**The problem**
With the images removed, transcribe the listing that follows exactly.
........
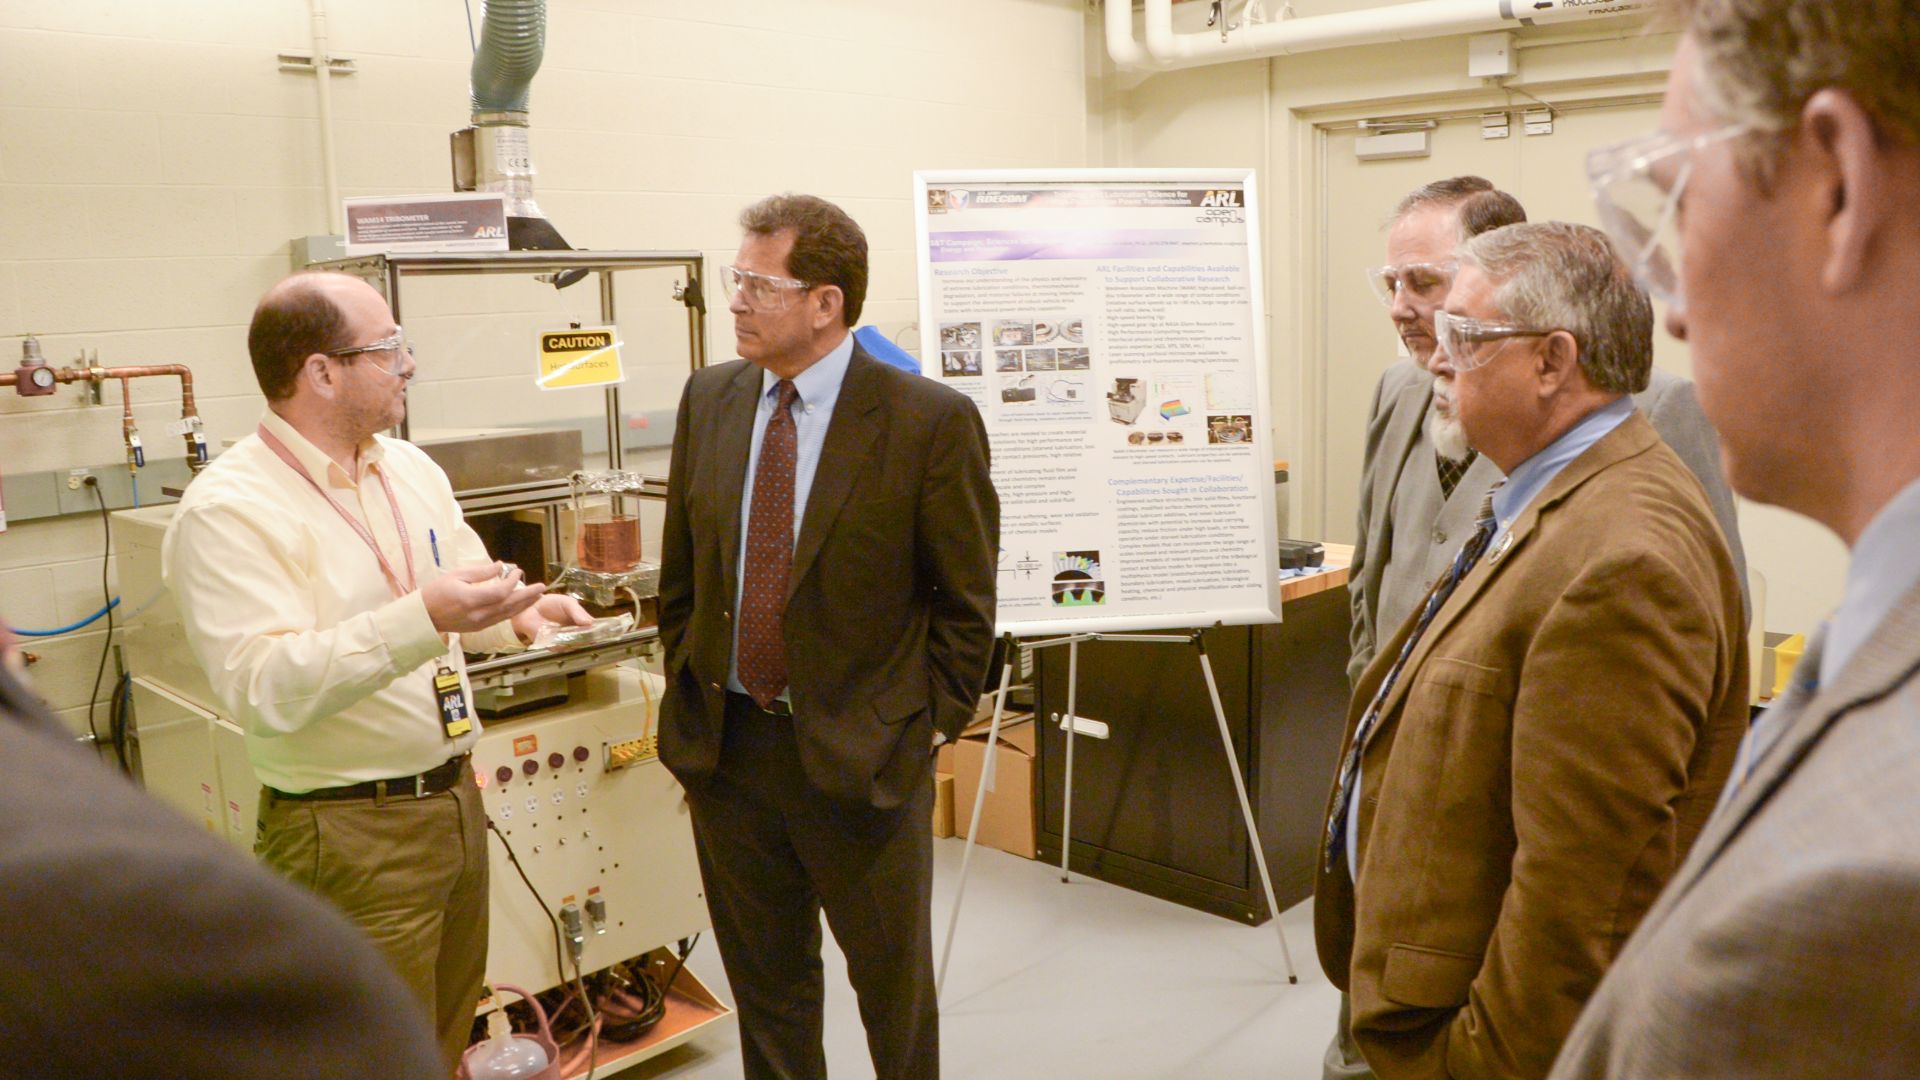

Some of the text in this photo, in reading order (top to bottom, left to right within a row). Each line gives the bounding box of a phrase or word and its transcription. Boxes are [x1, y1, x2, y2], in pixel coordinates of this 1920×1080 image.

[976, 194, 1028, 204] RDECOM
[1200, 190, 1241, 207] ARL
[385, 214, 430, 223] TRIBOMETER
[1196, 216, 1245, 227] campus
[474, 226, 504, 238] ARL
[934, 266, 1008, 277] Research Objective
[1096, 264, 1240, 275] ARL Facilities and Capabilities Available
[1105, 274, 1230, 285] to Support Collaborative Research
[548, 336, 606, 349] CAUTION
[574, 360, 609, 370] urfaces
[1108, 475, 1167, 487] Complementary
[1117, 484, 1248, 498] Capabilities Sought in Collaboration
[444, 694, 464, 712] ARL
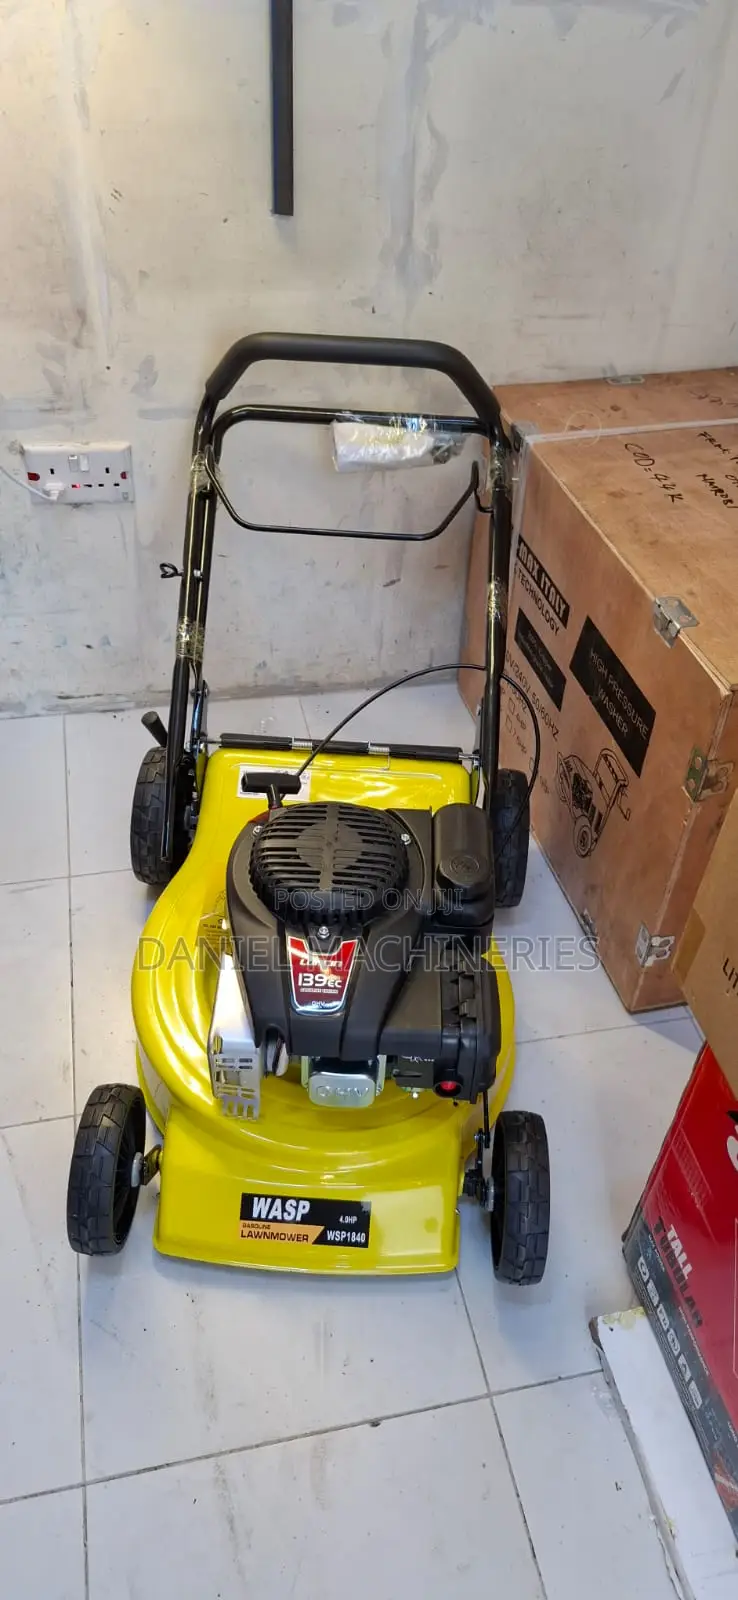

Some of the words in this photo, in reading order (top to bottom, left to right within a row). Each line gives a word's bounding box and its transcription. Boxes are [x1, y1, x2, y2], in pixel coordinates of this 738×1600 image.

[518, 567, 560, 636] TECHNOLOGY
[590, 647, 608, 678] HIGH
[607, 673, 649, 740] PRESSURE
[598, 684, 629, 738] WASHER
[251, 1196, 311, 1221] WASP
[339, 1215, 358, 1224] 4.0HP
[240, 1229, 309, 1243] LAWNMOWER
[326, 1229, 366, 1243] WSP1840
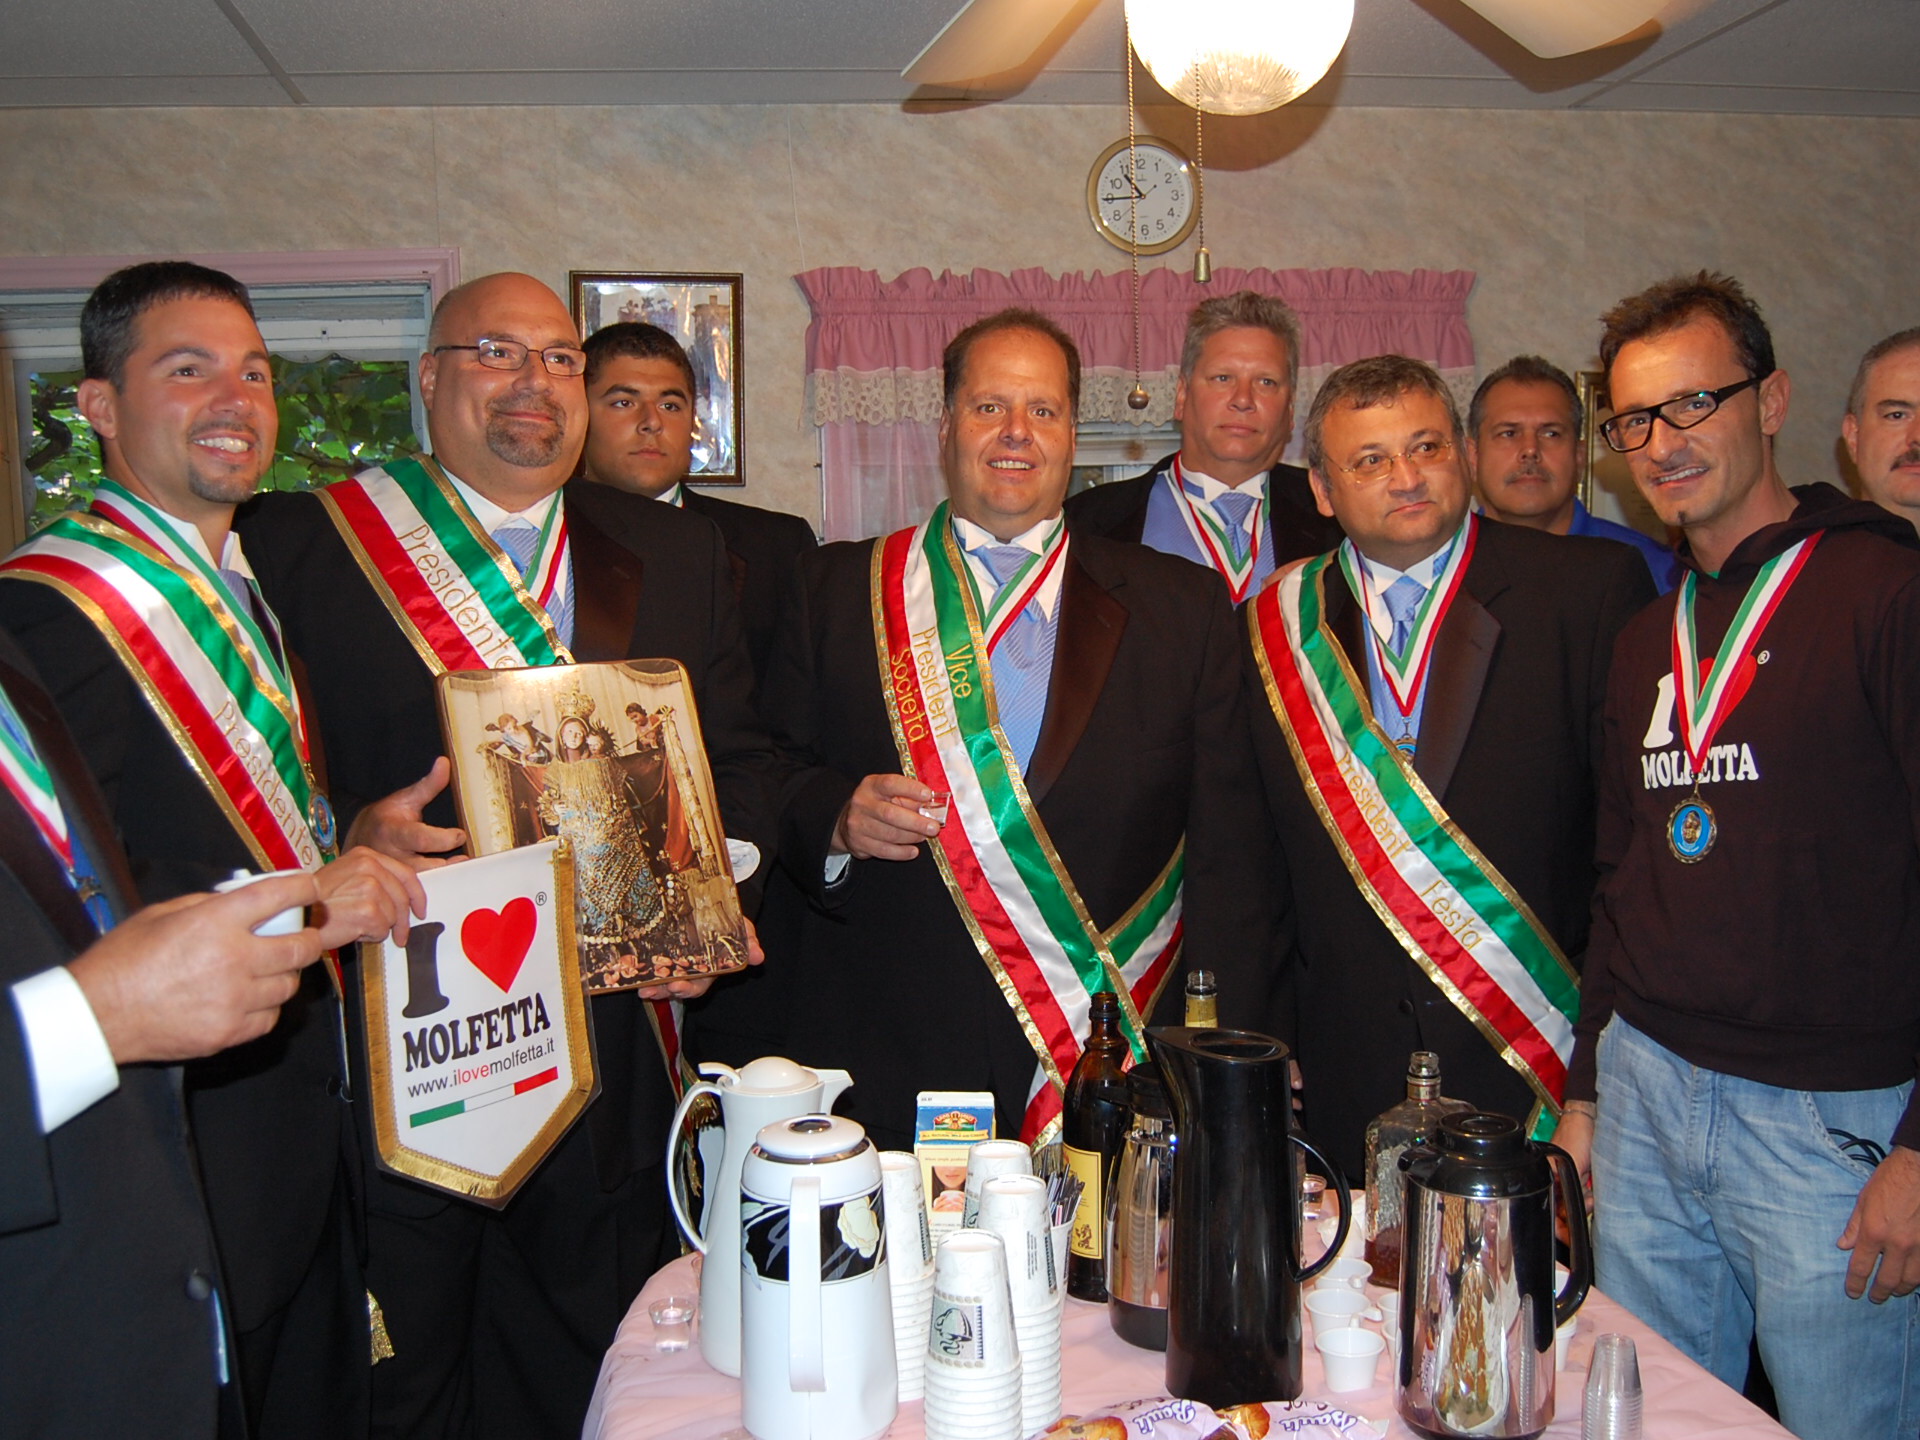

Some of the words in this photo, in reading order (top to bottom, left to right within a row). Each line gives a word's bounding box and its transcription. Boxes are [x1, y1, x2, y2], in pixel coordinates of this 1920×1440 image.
........
**Result for this exercise**
Some of the text in this photo, in reading order (top to bottom, left to right within a row). Each line gives the bounding box of a phrase or word and its transcription. Boxes are [x1, y1, x2, y2], in pixel coordinates of this 1920×1080 image.

[976, 194, 1028, 204] RDECOM
[1200, 190, 1241, 207] ARL
[385, 214, 430, 223] TRIBOMETER
[1196, 216, 1245, 227] campus
[474, 226, 504, 238] ARL
[934, 266, 1008, 277] Research Objective
[1096, 264, 1240, 275] ARL Facilities and Capabilities Available
[1105, 274, 1230, 285] to Support Collaborative Research
[548, 336, 606, 349] CAUTION
[574, 360, 609, 370] urfaces
[1108, 475, 1167, 487] Complementary
[1117, 484, 1248, 498] Capabilities Sought in Collaboration
[444, 694, 464, 712] ARL

Some of the words in this photo, in reading order (top to bottom, left to right within a row). Each line gives a word's bounding box and its transcription. Boxes are [x1, y1, x2, y2], in pixel coordinates of this 738×1600 image.

[518, 567, 560, 636] TECHNOLOGY
[590, 647, 608, 678] HIGH
[607, 673, 649, 740] PRESSURE
[598, 684, 629, 738] WASHER
[251, 1196, 311, 1221] WASP
[339, 1215, 358, 1224] 4.0HP
[240, 1229, 309, 1243] LAWNMOWER
[326, 1229, 366, 1243] WSP1840

Some of the words in this photo, in reading order (top to bottom, left to right within a row). Each line gives a word's bounding box and its transcription. Boxes are [x1, y1, x2, y2], in pixel coordinates of this 1920×1440 image.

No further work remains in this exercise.